I think you're overestimating how well social influencers can be measured. It's true, you can measure clicks to a landing page, one per influencer - but that's relatively annoying administratively, and only measures clicks, not sales. Plus, that counts on your influencer actually following instructions and using the custom landing page URL, which is harder than you might think.

If you're a consumer lifestyle or luxury brand, most of your sales are in-store and hence attribution due to influencers becomes incredibly difficult.

What many companies I've seen do is attempt to measure organic reach through a variety of internal or external scoring mechanisms, and using engagement as a proxy for reach. So a beauty influencer posting a screenshot of her travel bag with your brand tagged would have comments, likes, reshares/regrams measured, and then have that scored as some sort of an effectiveness index.
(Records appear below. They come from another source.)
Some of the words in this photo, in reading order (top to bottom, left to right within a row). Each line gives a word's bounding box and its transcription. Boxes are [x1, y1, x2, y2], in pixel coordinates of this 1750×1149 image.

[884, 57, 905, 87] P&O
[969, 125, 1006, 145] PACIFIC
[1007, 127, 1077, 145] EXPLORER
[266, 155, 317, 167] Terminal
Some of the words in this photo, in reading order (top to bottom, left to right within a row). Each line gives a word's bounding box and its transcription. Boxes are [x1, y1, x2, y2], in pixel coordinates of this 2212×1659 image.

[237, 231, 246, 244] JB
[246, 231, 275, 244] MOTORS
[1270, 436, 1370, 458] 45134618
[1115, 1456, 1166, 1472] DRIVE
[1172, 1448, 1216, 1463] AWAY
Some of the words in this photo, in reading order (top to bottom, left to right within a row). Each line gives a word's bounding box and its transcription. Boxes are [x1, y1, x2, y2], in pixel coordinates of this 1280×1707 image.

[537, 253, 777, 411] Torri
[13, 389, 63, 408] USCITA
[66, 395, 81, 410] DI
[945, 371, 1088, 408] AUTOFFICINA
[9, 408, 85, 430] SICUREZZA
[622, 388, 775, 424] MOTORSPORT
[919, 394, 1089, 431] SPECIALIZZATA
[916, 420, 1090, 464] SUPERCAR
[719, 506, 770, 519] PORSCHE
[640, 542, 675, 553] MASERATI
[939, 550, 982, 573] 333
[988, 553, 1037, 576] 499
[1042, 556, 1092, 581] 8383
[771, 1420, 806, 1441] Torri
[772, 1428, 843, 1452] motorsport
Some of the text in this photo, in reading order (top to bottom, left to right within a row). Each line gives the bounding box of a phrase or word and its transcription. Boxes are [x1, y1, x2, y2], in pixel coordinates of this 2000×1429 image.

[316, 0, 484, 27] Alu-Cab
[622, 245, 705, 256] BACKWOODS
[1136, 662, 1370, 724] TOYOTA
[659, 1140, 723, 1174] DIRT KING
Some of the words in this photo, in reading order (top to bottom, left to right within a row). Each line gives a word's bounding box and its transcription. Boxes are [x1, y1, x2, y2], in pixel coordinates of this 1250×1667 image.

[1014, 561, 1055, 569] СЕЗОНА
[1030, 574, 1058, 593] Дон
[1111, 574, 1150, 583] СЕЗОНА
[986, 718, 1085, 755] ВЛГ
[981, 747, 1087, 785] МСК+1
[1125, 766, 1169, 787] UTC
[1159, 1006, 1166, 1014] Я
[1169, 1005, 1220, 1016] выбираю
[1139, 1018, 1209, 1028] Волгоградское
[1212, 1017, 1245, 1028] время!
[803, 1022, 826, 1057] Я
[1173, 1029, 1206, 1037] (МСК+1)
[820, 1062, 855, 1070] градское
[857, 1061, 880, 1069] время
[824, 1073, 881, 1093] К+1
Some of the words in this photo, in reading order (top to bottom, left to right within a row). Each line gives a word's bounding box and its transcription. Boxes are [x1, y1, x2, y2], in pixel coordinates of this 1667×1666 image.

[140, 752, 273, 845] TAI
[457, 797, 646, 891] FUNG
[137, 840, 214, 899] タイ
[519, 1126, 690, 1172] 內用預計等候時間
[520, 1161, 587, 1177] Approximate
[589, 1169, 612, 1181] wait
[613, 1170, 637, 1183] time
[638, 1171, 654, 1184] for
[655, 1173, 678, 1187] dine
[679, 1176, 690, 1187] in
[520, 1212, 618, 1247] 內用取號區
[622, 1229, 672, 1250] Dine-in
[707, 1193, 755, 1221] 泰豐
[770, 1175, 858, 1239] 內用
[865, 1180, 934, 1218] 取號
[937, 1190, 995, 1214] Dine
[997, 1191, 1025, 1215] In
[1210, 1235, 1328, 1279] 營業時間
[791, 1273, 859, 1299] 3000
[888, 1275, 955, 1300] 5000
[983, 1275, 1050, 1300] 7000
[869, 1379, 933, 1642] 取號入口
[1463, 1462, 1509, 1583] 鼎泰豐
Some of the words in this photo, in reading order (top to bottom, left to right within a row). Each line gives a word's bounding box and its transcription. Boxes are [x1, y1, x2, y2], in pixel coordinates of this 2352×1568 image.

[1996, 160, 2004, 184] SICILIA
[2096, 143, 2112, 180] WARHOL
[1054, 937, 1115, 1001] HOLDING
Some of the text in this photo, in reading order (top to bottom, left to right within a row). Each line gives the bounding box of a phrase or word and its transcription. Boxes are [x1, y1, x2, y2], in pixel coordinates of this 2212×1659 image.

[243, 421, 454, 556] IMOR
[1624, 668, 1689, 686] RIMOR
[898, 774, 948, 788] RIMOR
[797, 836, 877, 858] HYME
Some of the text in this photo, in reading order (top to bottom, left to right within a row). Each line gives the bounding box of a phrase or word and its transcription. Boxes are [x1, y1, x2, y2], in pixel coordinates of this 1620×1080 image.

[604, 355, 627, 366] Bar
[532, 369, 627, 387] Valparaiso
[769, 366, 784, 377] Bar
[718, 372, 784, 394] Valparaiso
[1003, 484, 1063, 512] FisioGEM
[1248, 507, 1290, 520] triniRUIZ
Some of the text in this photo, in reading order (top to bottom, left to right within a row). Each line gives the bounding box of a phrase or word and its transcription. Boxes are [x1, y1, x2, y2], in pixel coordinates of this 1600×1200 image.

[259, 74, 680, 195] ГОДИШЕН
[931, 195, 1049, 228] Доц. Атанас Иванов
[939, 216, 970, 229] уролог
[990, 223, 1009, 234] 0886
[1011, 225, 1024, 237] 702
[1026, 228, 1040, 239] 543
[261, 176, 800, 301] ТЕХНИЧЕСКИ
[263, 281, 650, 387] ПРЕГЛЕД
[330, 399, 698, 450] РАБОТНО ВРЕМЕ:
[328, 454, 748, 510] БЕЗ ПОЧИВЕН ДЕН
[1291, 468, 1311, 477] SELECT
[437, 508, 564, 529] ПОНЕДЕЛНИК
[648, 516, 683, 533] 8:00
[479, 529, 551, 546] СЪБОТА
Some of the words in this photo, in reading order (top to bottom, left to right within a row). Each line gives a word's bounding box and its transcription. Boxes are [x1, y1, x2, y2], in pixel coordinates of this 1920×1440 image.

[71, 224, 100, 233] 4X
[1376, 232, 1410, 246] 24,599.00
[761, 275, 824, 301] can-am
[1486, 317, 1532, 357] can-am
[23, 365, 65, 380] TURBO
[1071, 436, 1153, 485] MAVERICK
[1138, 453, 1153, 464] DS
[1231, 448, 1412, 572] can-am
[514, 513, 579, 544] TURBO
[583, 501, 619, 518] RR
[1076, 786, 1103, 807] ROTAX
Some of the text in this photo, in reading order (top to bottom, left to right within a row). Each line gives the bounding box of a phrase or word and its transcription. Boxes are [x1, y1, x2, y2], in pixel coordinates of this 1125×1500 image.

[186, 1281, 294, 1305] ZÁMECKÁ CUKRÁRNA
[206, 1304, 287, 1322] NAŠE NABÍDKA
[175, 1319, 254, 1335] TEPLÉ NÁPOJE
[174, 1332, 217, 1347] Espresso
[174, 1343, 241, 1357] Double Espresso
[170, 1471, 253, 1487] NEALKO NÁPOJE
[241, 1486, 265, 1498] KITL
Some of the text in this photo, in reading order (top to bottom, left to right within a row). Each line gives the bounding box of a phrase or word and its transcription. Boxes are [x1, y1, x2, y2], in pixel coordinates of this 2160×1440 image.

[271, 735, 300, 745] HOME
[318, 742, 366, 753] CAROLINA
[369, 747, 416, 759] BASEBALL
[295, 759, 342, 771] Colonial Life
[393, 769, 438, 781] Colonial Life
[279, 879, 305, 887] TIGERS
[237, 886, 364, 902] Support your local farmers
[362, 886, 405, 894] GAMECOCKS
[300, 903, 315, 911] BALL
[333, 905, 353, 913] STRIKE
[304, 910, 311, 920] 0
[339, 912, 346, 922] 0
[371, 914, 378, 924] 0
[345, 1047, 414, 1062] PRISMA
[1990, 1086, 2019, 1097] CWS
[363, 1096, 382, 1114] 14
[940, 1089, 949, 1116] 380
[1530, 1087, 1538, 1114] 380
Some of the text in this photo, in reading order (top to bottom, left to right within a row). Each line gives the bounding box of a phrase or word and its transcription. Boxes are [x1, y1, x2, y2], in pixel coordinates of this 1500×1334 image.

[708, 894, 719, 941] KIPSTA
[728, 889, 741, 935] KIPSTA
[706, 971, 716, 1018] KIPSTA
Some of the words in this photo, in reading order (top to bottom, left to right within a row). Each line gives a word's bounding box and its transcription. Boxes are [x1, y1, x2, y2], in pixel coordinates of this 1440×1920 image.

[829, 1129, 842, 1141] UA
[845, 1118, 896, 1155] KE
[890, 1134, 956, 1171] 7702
Its can be pretty straightforward if you run your campaigns through a software platform. The way we (mavrck.co) do it is we do outreach for a campaign, screen the influencers based on their engagement rates/relevancy, have influencers connect their instagram/facebook accounts to our platform, generate individual tracking links for each influencer, ingest their posts via API, and measure the comments/likes/clicks/conversions with our analytics.


Wouldn't that qualify as operating an ad network on instagram, something that is explicitly forbidden via the instagram terms of service?

"Don't transfer any data that you receive from us (including anonymous, aggregate, or derived data) to any ad network, data broker, influencer network, or other advertising or monetization-related service."


This is exactly how it's done - the amount you get paid is relative to your engagement. How this correlates with sales is speculative at best.